Since we don’t have that running, your only option is to submit it via the CLI. This is cumbersome, but doable. From that url in your Adjutant output, grab the values after ‘…/token/’. That is bob’s token. You can submit that via the CLI:
openstack admin task token submit <token> <json_data>
openstack admin task token submit e86cbfb187d34222ace90845f900893c '{"password": "123456"}'
Now if you get the user list, you will see bob is now active:
openstack project user list
And also shows up as a user if you do:
openstack user list
And since you are an admin, you can even take a look at the tasks themselves:
openstack admin task list
The topmost one should be your invite, and if you then do a show using that id you can see some details about it:
openstack admin task show <UUID>
Configuring Adjutant¶
Adjutant is designed to be highly configurable for various needs. The goal of Adjutant is to provide a variety of common tasks and actions that can be easily extended or changed based upon the needs of your OpenStack.

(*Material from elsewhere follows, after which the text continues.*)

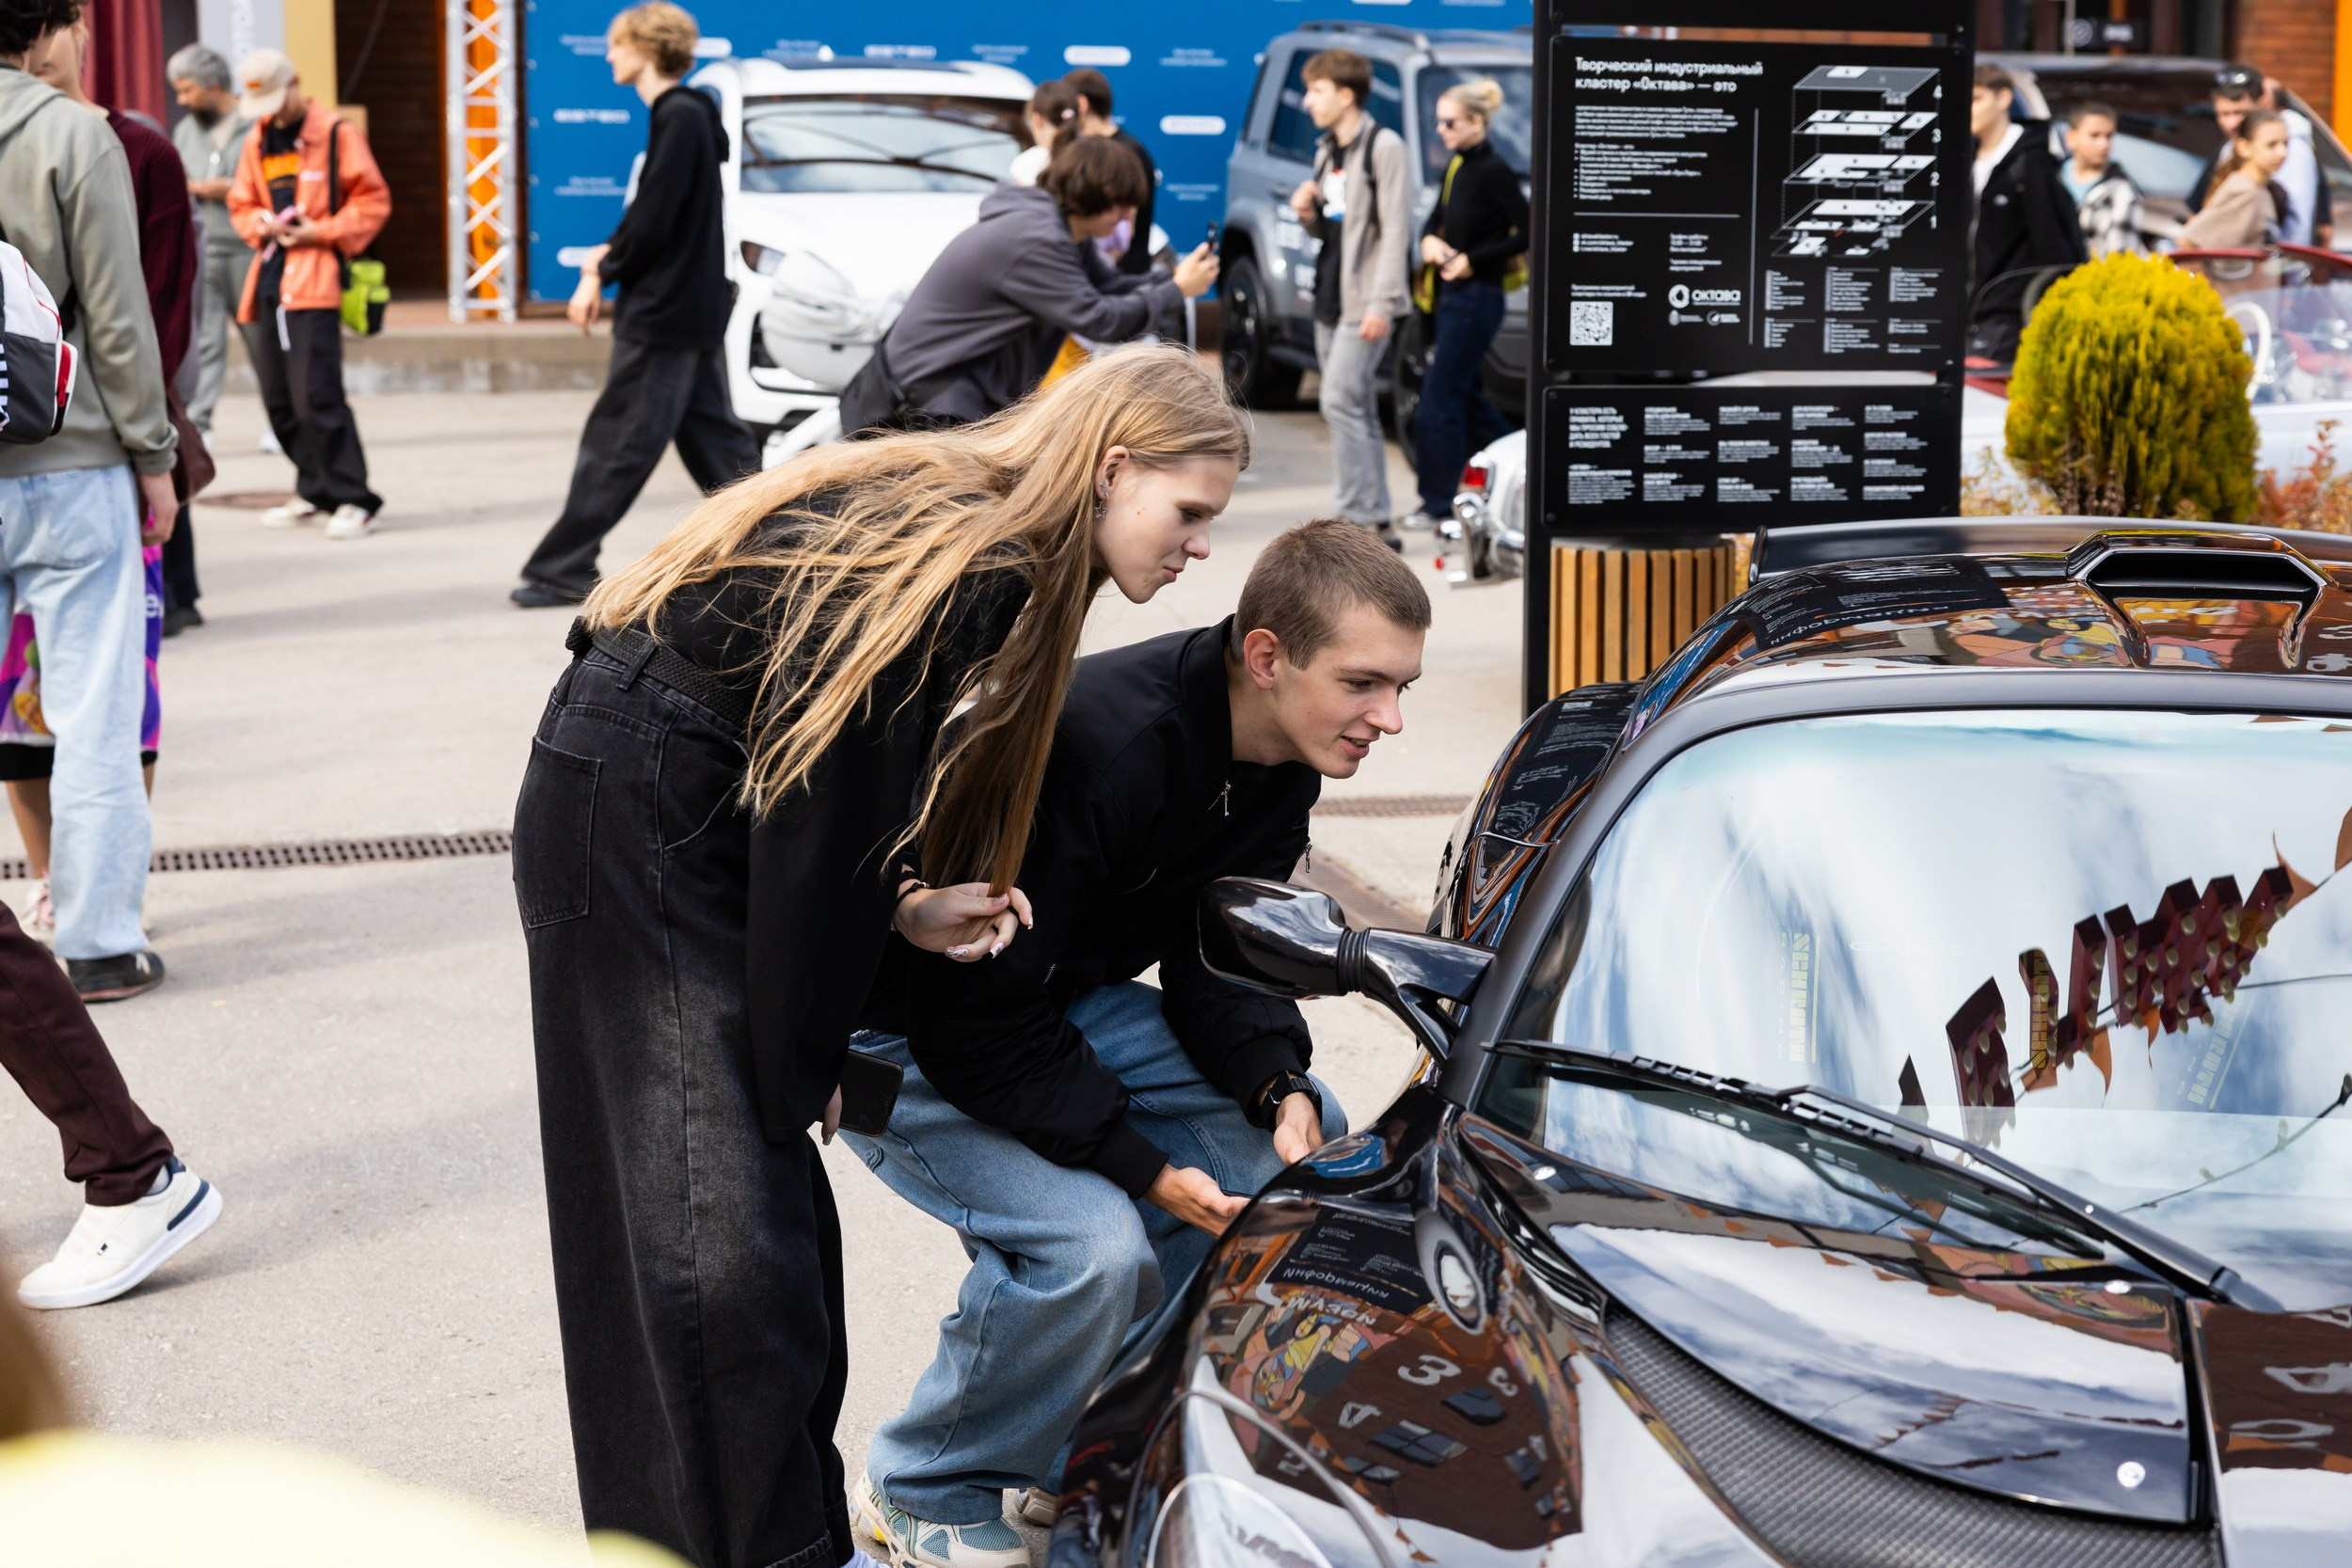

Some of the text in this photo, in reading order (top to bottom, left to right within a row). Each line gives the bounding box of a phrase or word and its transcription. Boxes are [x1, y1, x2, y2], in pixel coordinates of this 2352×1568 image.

The default Adjutant configuration is found in conf/conf.yaml, and but will
be overriden if a file is placed at /etc/adjutant/conf.yaml
.
The first part of the configuration file contains standard Django settings.
SECRET_KEY:
ALLOWED_HOSTS:
- "*"
ADDITIONAL_APPS:
- adjutant.api.v1
- adjutant.actions.v1
DATABASES:
default:
ENGINE: django.db.backends.sqlite3
NAME: db.sqlite3
LOGGING:
EMAIL_SETTINGS:
EMAIL_BACKEND: django.core.mail.backends.console.EmailBackend
If you have any plugins, ensure that they are also added to ADDITIONAL_APPS.
The next part of the confirguration file contains a number of settings for all taskviews.
USERNAME_IS_EMAIL: True
KEYSTONE:
username:
password:
project_name:
auth_url: http://localhost:5000/v3
domain_id: default
TOKEN_SUBMISSION_URL: http://192.168.122.160:8080/token/
# time for the token to expire in hours
TOKEN_EXPIRE_TIME: 24
ROLES_MAPPING:
admin:
- project_admin
- project_mod
- _member_
project_admin:
- project_admin
- project_mod
- _member_
project_mod:
- project_mod
- heat_stack_owner
- _member_
USERNAME_IS_EMAIL impacts account creation, and email modification actions. In the case that it is true, any task passing a username and email pair, the username will be ignored. This also impacts where emails are sent to.
The keystone settings must be for a user with administrative privileges, and must use the Keystone V3 API endpoint.
If you have Horizon configured with adjutant-api TOKEN_SUBMISSION_URL should point to that.
ROLES_MAPPING defines which roles can modify other roles. In the default configuration a user who has the role project_mod will not be able to modify any of the roles for a user with the project_admin role.
Standard Task Settings¶
ACTIVE_TASKVIEWS:
- UserRoles
- UserDetail
- UserResetPassword
- UserSetPassword
- UserList
- RoleList
- SignUp
- UserUpdateEmail
All in use taskviews, including those that are from plugins must be included in this list. If a task is removed from this list its endpoint will not be accessable however users who have started tasks will still be able submit them.
DEFAULT_TASK_SETTINGS:
duplicate_policy: null
emails:
initial:
subject: Initial Confirmation
reply: no-reply@example.com
from: bounce+%(task_uuid)s@example.com
template: initial.txt
# html_template: initial.txt
token:
completed:
notifications:
EmailNotification:
standard:
emails:
- example@example.com
reply: no-reply@example.com
from: bounce+%(task_uuid)s@example.com
template: notification.txt
# html_template: completed.txt
error:
The default settings can be overridden for individual tasks in the TASK_SETTINGS configuration, these are cascading overrides. Two additional options are available, overriding the default actions or adding in additional actions. These will run in the order specified.
TASK_SETTINGS:
signup:
default_actions:
- NewProjectAction
invite_user:
additional_actions:
- SendAdditionalEmailAction
By default duplicate tasks will be marked as invalid, however the duplicate policy can be set to ‘cancel’ to cancel duplicates and start a new class.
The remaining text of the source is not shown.